By thinking of politicized categories as efficacious but contingent and mutable, Butler usefully claims, deconstructing feminism's terms widens the scope of rather than prohibits a "political necessity to speak as and for women" (15): "To deconstruct the subject of feminism is not, then, to censure its usage, but, on the contrary, to release the term into a future of multiple significations, to emancipate it from the maternal or racialist ontologies to which it has been restricted, and to give it play as a site where unanticipated meanings might come to bear" (16).

The virtue of this formulation is, as Butler phrases it in a later text, that "the sense of futurity opened up by the [political] signifier as a site of rearticulations ... is the discursive occasion for hope" (Bodies That Matter 219). By "politicizing dis identification" (219), women excluded by certain formulations of "woman" can resignify the term. And different female subjects, even as they deploy their respective articulations of "women," can keep the term under continual suspicion, not only for its potential exclusions but for its possible recuperation by patriarchal meanings.

But although such a deconstruction of the feminist subject promises hope for, rather than aims to censure, the political usage of feminist terms, here it does not lead to an exploration of what such a usage might look like for particular women. Instead of discussing possible articulations of feminist subjectivity, Butler proceeds to keep the feminist "question of postmodernism" focused on a polemic about the need to deconstruct feminist categories. If this polemic can be seen as leaving to others the politicized articulations it also advocates, a crucial "unanticipated" description of feminist subjectivity is foreclosed altogether: the subject whose potential for rearticulation, enabled by her self-difference, is the condition for producing and maintaining patriarchal meanings.

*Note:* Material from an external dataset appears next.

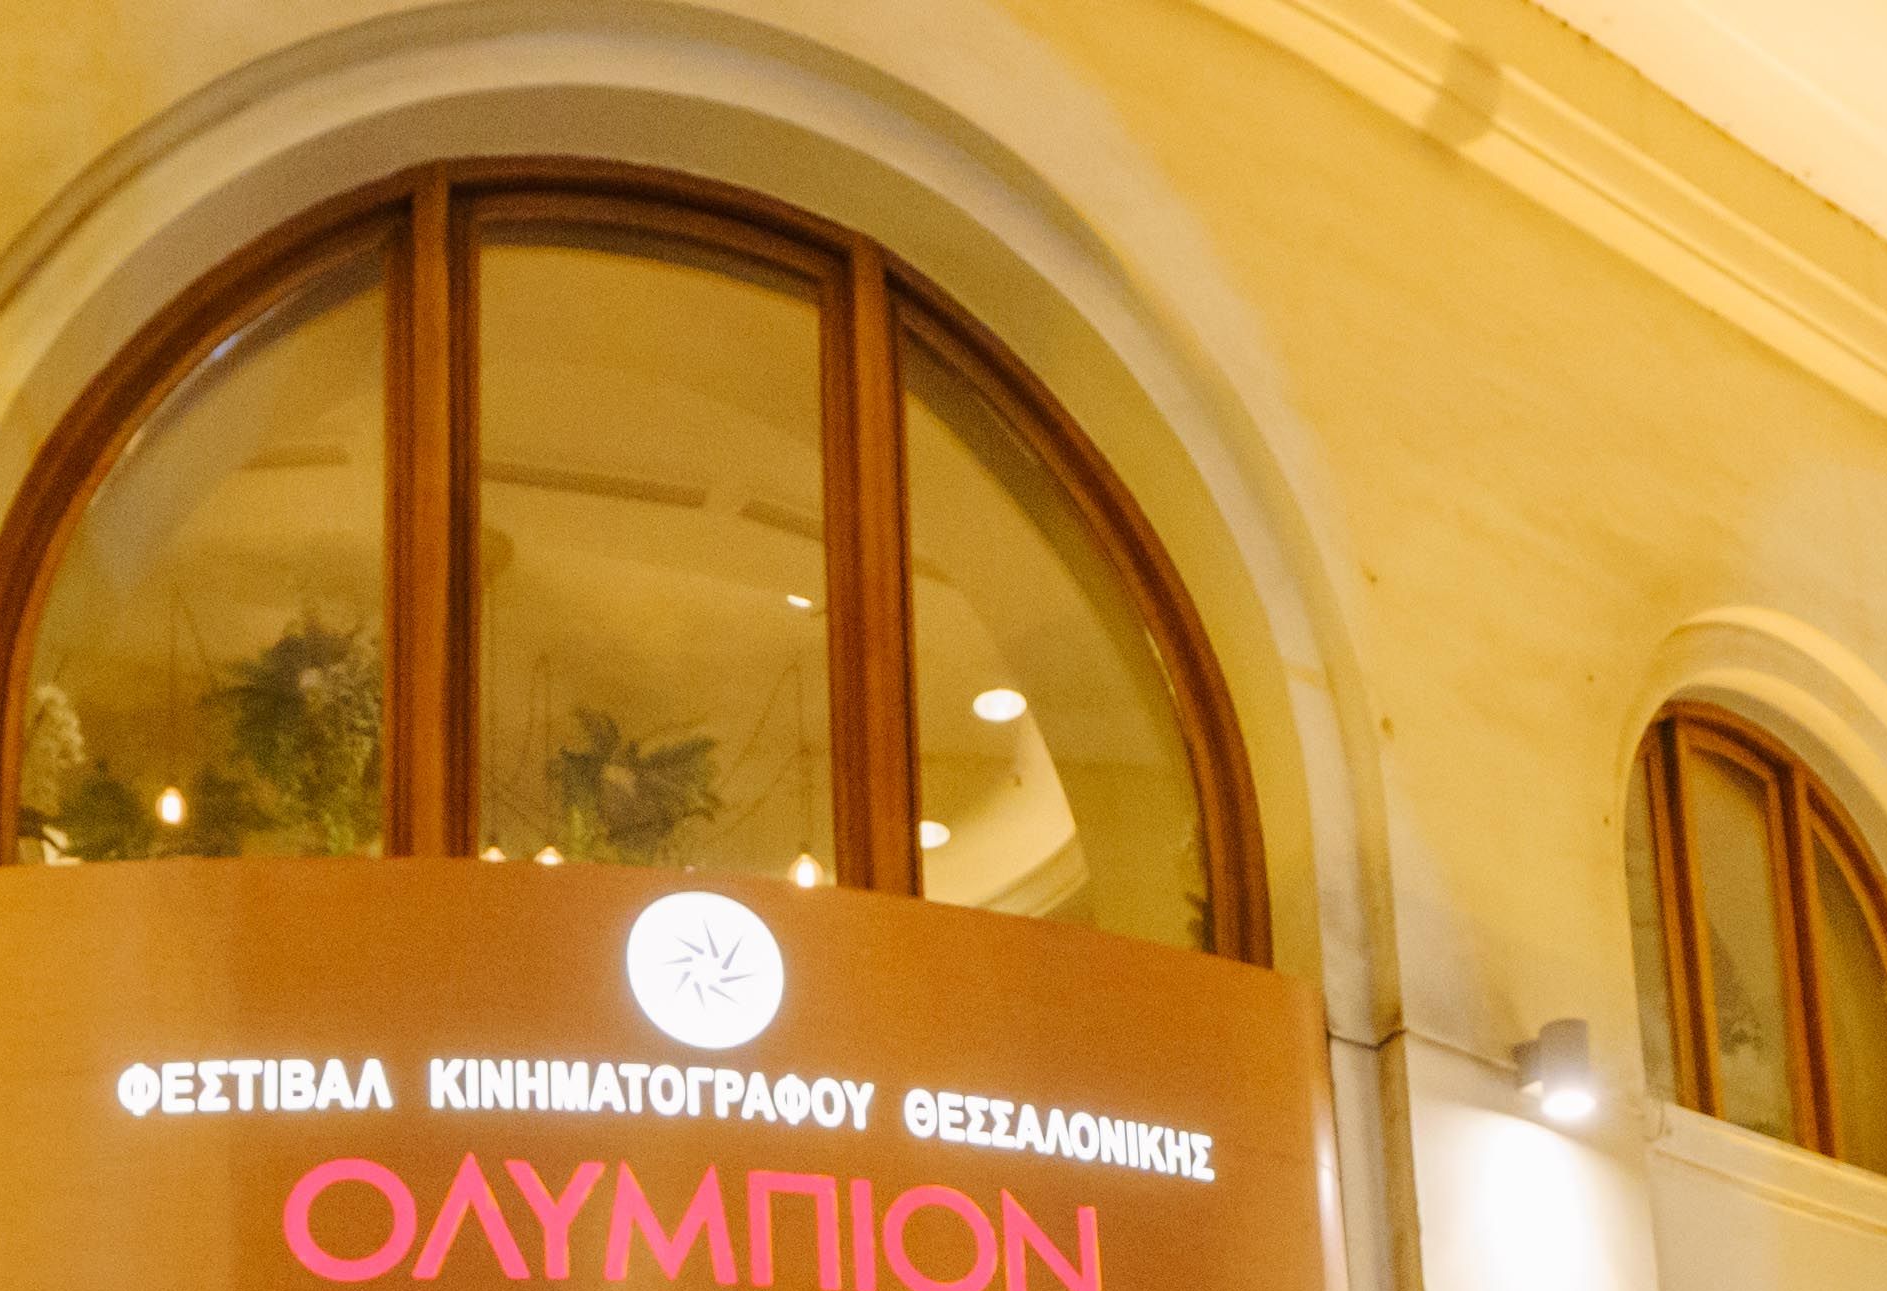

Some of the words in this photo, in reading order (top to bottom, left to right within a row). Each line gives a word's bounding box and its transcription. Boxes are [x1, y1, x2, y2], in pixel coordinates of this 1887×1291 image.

[117, 1058, 393, 1117] ΦΕΣΤΙΒΑΛ
[430, 1057, 875, 1130] ΚΙΝΗΜΑΤΟΓΡΑΦΟΥ
[904, 1088, 1215, 1181] ΘΕΣΣΑΛΟΝΙΚΗΣ

This description of the subject cannot emerge, I will argue, on account of the referents Butler attributes to "restricting" and "emancipatory" discursive strategies, respectively: restriction is a function of exclusionary identifications and "the release [of stable terms] into a future of multiple significations" ("Contingent Foundations" 16) is the condition for emancipation. This opposition between restrictive identity and a liberating production of different significations precludes questions of how patriarchal power can regulate, as well as succumb to, multiple referents for and continual renegotiations of what "woman" means. And prime among such elided questions is that of how such regulation works by articulating female identity with a subject's other positions (in race, class, nation, institutional affiliation, and so on).

Butler's theoretical preferences for the meanings of "restricting" and "emancipating" strategies also have an analog in her descriptions of what constitutes the feminism bound up both with dominant ontologies and with the institutional power that supports them. Addressing what she perceives as an academic feminist establishment reluctant to scrutinize both its terms and its affiliations, Butler cautions her readers to recognize that questioning "the implication of the terms of criticism in the field of power is ... the very precondition of a politically engaged critique" (7). What feminists must realize is that power operates in advance to establish "who will be the subject who speaks in the name of feminism," and, as a result, critics must be wary of "who ... gets constituted as the feminist theorist whose framing of the debate will get publicity" (8).

While it is easy to endorse such vigilance about the inscription of feminist critics in institutional power, we must notice that Butler's admonition is directed only toward those critics whom she feels are reluctant to examine their politicized terms. As a result, she leaves uninterrogated the power that authorizes the "subject of feminism" whose singular project is the critique of feminist identity. For Butler, feminist entanglements with suspect institutional power have their symptoms only in the assertion of feminist terms; conversely, the critique of those terms signals only resistance to institutional power. Following out her own prescriptions for scrutinizing successful academic discourses, however, we should ask: What kinds of power might underwrite a feminism presented as most oppositional not when it analyzes patriarchal power (although it recommends future such analyses) but when it practices or advocates only self-critique?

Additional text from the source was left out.